The Conference Board Consumer Confidence Index®
Is it possible that consumer confidence will either increase in the future in the middle of the console cycle or that spending on games won’t be correlated to consumer confidence? It is possible, but I suspect unlikely. Academic research has found a moderate connection between the consumer confidence numbers and consumer spending in the following quarter. [Ludvigson, Sydney, 2004, Journal of Economic Perspectives].
Gamestop’s same store sales the past five years are in line with a decrease in consumer spending. From page 29 of the 10K, same store sales growth has been:
A historical look at the Nintendo Wii’s sales through 2008 would show huge sales growth despite the broader economic conditions, but Wii sales began to slide in 2009 and continued until the present day. All three systems saw sales rise during the typical cyclical holiday seasons in 2007 and 2008, but the systems with the largest sales increases were the cheapest, with the PS3 lagging due to its higher price at the time. These were systems which had already been on the market for two to three years with a library of games for sale.
Poor Wii U Sales:
The Wii U has been a disappointment since it launched on November 18, 2012. As of March 31, 2013, only 3.45 million units had been sold, well short of its originally estimated 5.5 million. At the E3 industry conference last week, only three new Wii U exclusive titles were announced.
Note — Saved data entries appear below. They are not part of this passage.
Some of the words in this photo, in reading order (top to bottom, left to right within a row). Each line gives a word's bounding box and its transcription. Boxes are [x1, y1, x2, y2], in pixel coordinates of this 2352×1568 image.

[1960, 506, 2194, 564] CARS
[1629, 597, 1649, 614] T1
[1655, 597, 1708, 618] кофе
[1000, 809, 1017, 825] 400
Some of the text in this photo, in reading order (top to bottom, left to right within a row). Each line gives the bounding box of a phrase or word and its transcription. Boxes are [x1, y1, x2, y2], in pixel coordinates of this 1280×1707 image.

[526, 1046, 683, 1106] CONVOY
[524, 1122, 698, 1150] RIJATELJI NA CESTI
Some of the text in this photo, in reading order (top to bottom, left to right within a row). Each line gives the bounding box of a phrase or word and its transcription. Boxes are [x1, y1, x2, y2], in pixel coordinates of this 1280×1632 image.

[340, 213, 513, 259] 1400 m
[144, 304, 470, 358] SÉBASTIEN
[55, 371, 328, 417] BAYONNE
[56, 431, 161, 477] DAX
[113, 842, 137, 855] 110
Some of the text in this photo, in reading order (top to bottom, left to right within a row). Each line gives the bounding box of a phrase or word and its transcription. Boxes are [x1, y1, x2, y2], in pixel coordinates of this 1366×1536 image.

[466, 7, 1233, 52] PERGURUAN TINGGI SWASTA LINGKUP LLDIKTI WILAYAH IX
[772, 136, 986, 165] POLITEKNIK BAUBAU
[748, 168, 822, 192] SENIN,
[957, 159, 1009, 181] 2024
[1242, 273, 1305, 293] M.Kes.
A comparison between the second months of the Wii and Wii U shows the stark contrast in the current and likely future performance of the Wii U. In January 2007, the Wii’s second month, the Wii sold 425,000 units. In January 2013, the Wii U’s second month, the system sold 57,000 units, 13% of the number of Wii units sold at the same early point in the system’s launch near the end of a holiday season.
Fewer consoles sold likely means less software sold. Less new software sold means fewer used games down the line. Nintendo announced in May 2013 that it had missed its profit goals by nearly 50%.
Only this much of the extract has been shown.